Agora, com a leva de produções como Bridgerton e Bebê Rena, as personagens ganham camadas ainda mais realistas e respeitosas. Em Bridgerton, Penelope destoa das outras debutantes esbeltas da sociedade, mas sua mudança de fase na série não passa pelo emagrecimento, como no livro original, e sim por seu figurino mais destemido e na forma como ela se comporta perante os outros, buscando autoconfiança. O peso não é uma questão, e o mérito disso é da showrunner Jess Brownell, que tomou a decisão de não sujeitar a personagem e a atriz a um processo de dieta que passaria a mensagem usual de que é preciso perder peso para ser feliz.

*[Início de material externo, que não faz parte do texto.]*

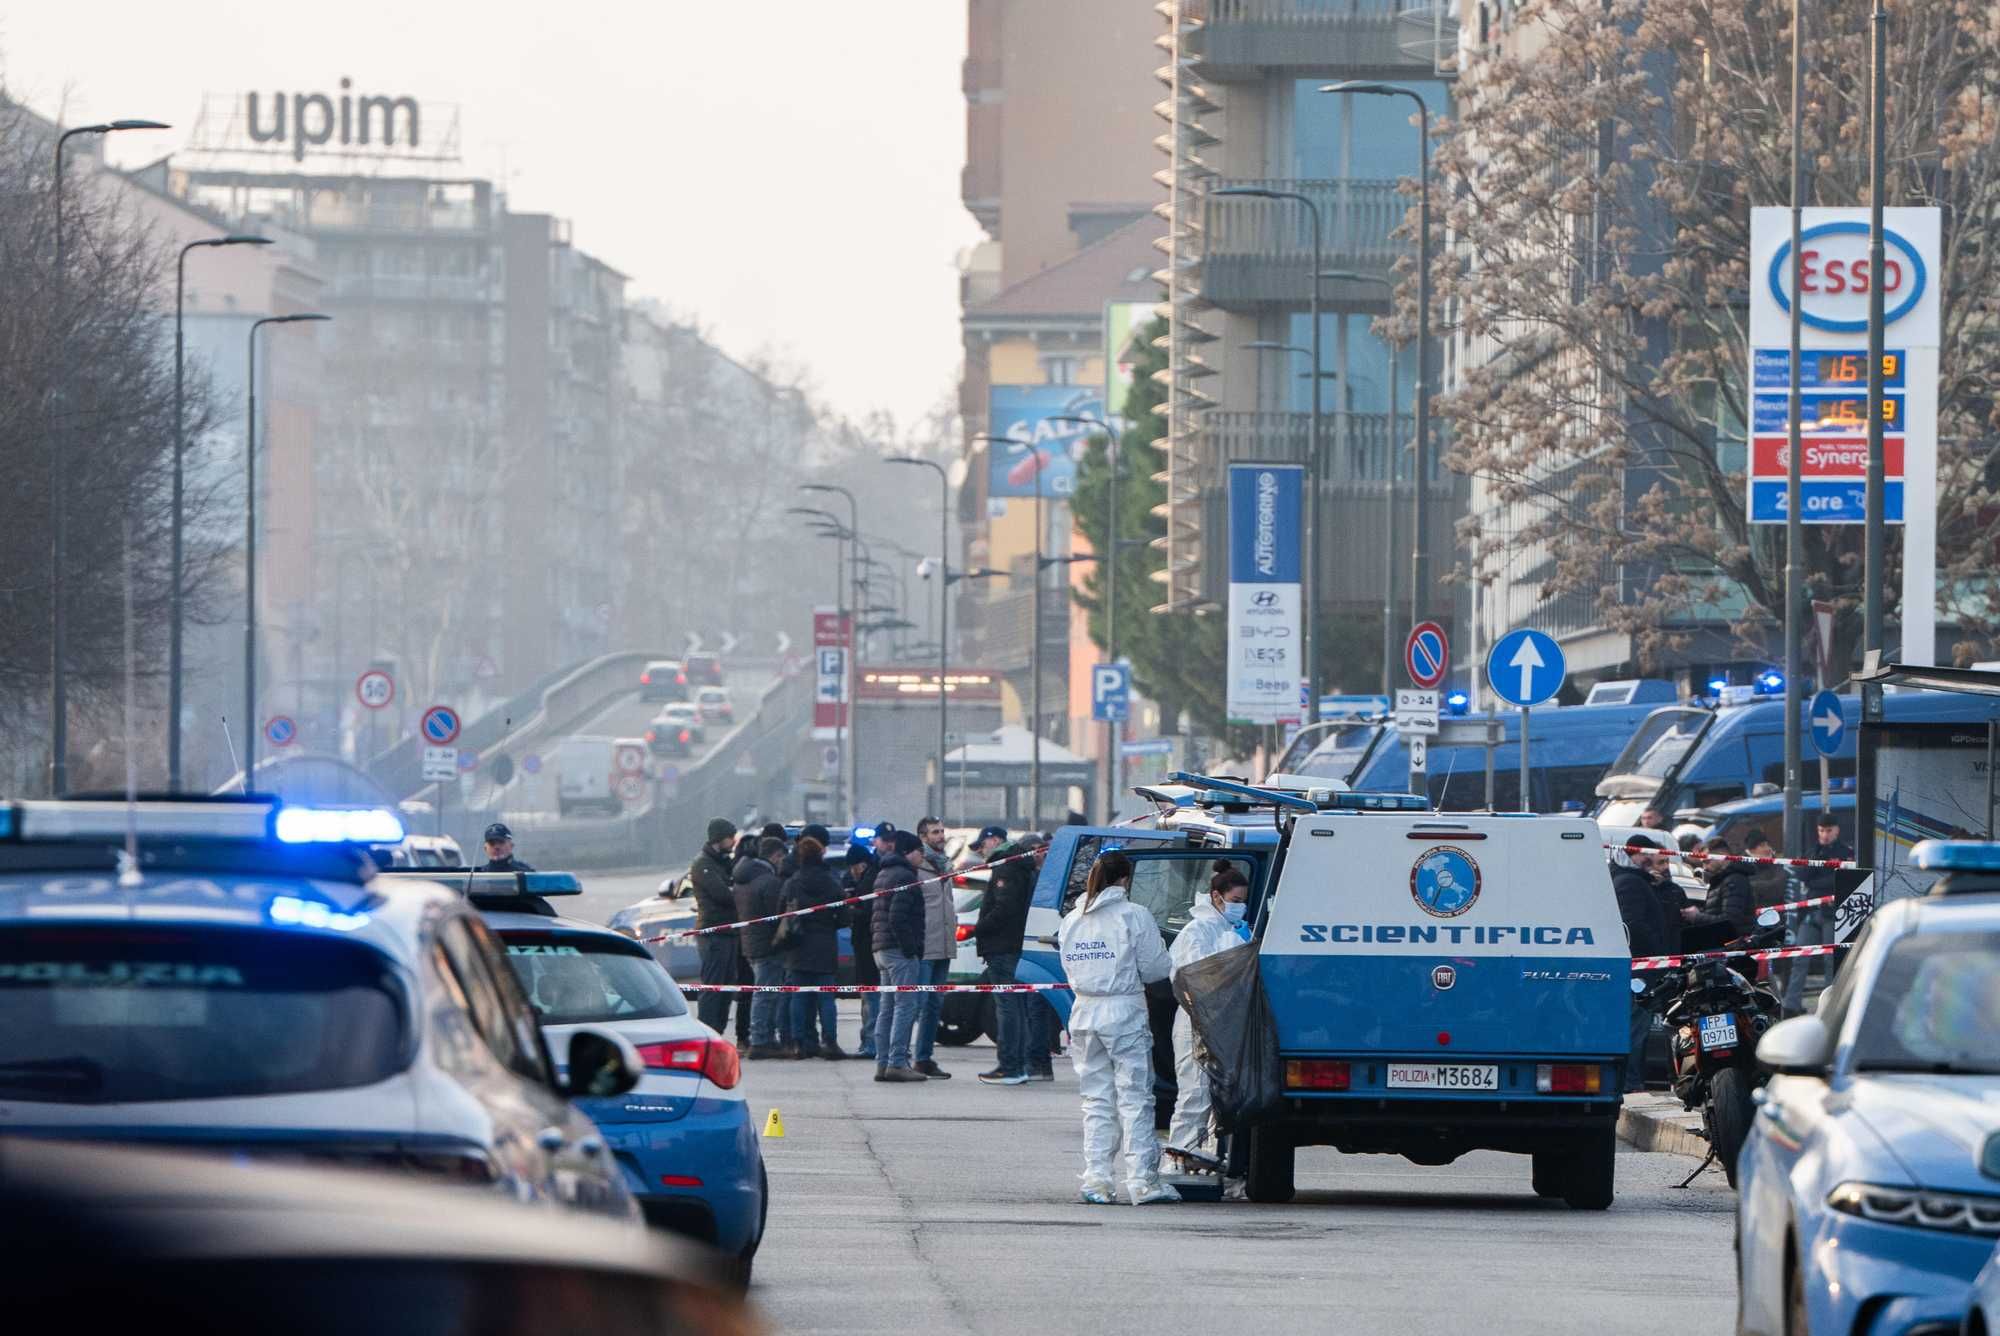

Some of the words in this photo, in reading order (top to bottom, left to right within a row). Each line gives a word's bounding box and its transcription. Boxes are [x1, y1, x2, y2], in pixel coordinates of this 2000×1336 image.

Curiosamente, a cruzada pela aceitação nas séries vai na contramão de outra tendência atual na moda e em Hollywood: como provam as silhuetas de Zendaya ou Bruna Marquezine, a magreza extrema está de volta com tudo. O que retoma um padrão conhecido: na clássica Friends (1994-2004), Monica e Rachel — personagens de Courteney Cox e Jennifer Aniston — ostentavam suas clavículas salientes e barrigas negativas. Na mesma sitcom, uma piada recorrente sobre Monica ter sido gorda na adolescência hoje tornou-se tóxica, já que a atriz precisava usar o fat suit (traje gordo) para ser alvo de chacota. Ainda que em minoria, a presença de corpos femininos fora do padrão na tela é uma grande conquista.